■ WHAT THE EXERCISE ASKS ■
If a record holds a picture, please leave the picture out and copy the rest of the record exactly.

Stored records:

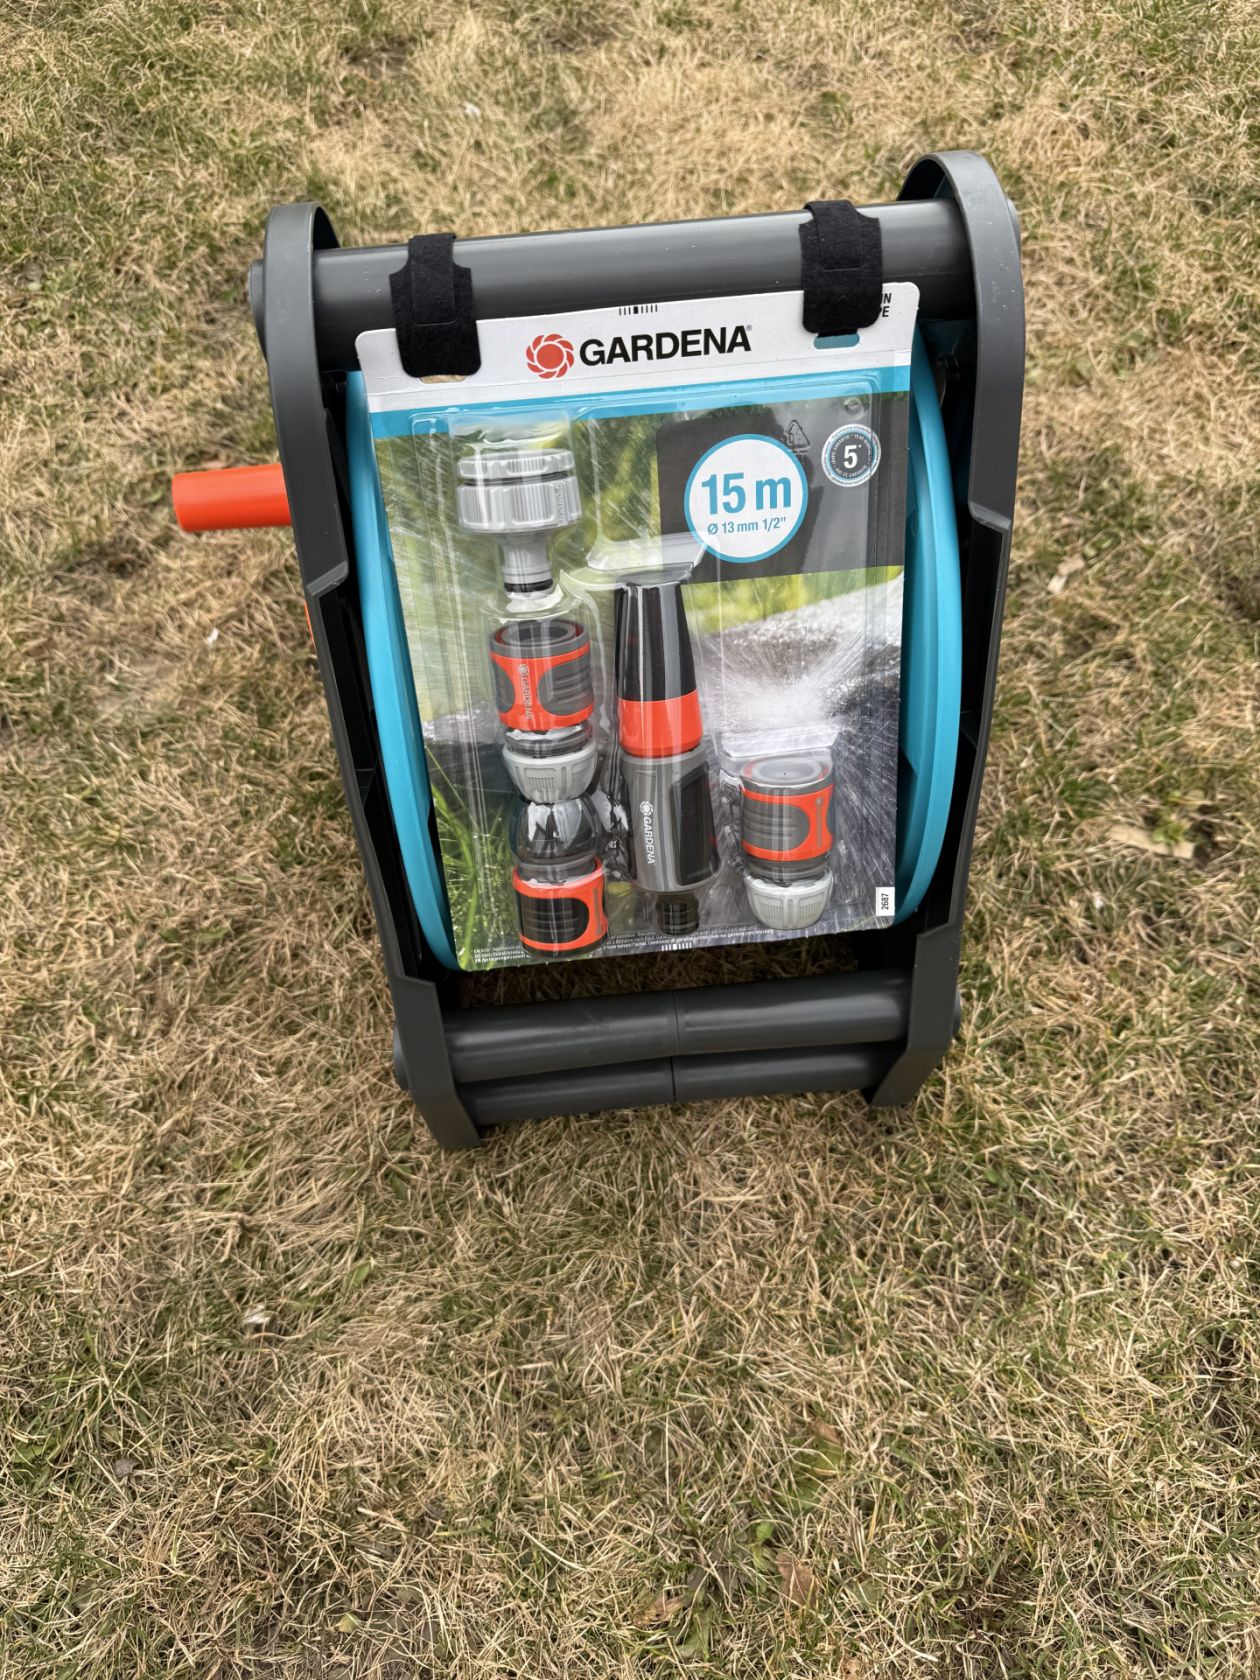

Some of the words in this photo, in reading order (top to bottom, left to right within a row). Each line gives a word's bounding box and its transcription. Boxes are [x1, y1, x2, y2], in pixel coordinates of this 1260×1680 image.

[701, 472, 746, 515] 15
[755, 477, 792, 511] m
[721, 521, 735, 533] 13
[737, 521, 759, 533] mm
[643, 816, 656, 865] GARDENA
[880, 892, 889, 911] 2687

■ EXPECTED OUTPUT ■
Some of the words in this photo, in reading order (top to bottom, left to right within a row). Each line gives a word's bounding box and its transcription. Boxes are [x1, y1, x2, y2], in pixel coordinates of this 1260×1680 image.

[701, 472, 746, 515] 15
[755, 477, 792, 511] m
[721, 521, 735, 533] 13
[737, 521, 759, 533] mm
[643, 816, 656, 865] GARDENA
[880, 892, 889, 911] 2687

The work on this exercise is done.